Sometime before 27 February 1948, Dike and his first wife, Barbara, were divorced.
In 1954, Dike moved to New Mexico to prospect for uranium. He was an officer of the U.S. Uranium Company, United Western Minerals Company, and other oil and mining interests in Santa Fe, New Mexico, and Las Vegas, Nevada. On 12 March 1957, Dike wed Catherine Pochon; his residences were listed as Thompson, Connecticut, and Santa Fe, New Mexico. In October 1958, Dike was elected to the Board of Trustees of the Theodore Roosevelt Association. He visited Thompson, Connecticut, and Providence in November 1958. In 1959, Dike, his wife, and baby left Santa Fe for Switzerland; it was his intention to study at the International School of Law at The Hague.
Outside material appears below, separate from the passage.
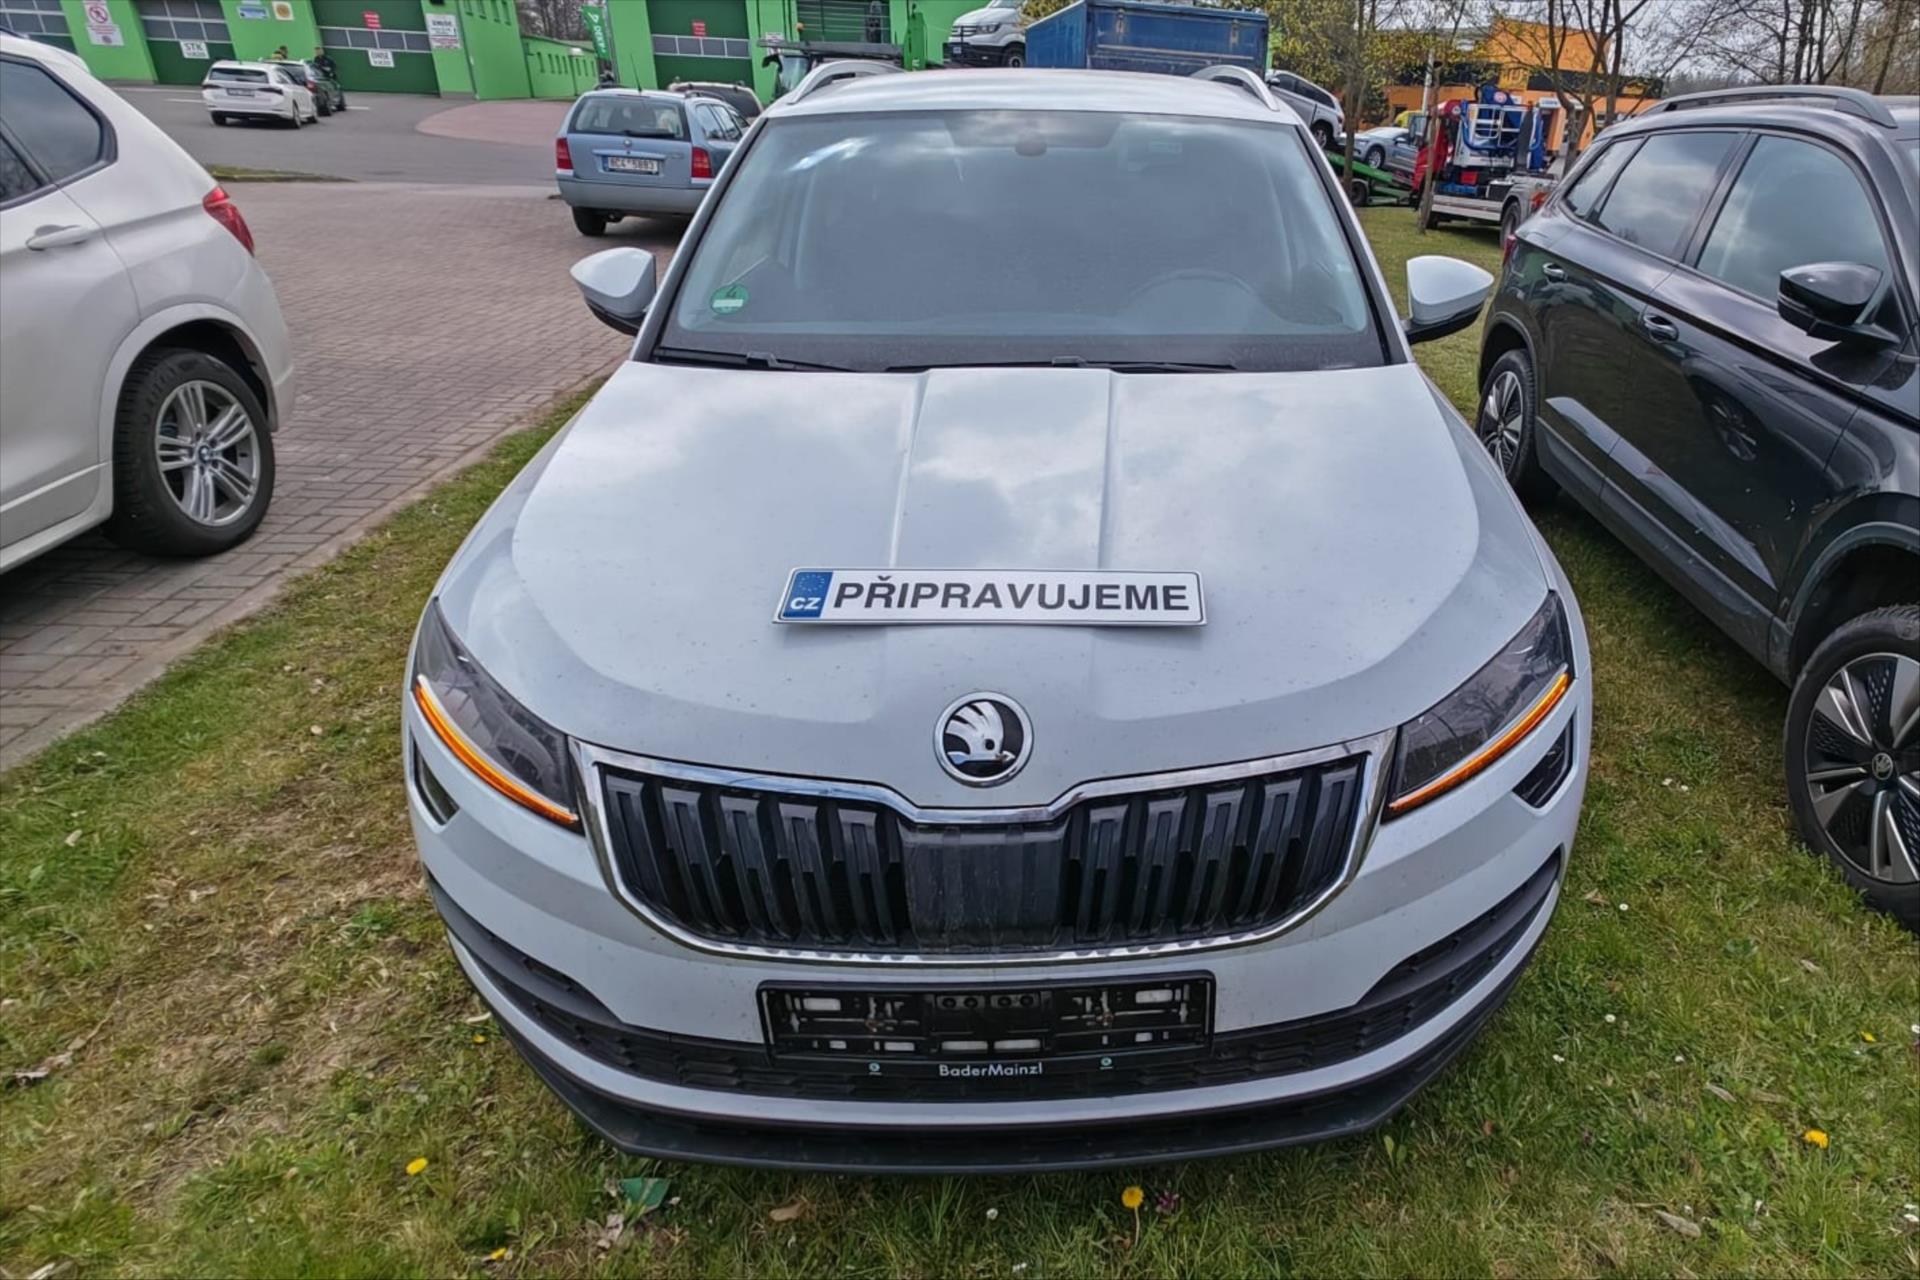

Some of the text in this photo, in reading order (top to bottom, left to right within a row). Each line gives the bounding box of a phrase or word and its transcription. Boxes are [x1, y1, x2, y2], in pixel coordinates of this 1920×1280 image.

[789, 575, 1190, 611] CZ PŘIPRAVUJEME
[938, 1062, 1043, 1077] BaderMainzl
Dike resigned his positions as vice president and comptroller of United Western Minerals Company in Santa Fe but continued as a director. By 1959, he had established a law practice in Lausanne, Switzerland. In 1960, Dike became a permanent resident of Switzerland.
Dike died in Rolle, Switzerland, on 23 June 1989 after a long illness. He was survived by his two daughters, his son, and two grandchildren.
In popular culture
Dike is portrayed in the 2001 HBO miniseries Band of Brothers by Irish actor Peter O'Meara.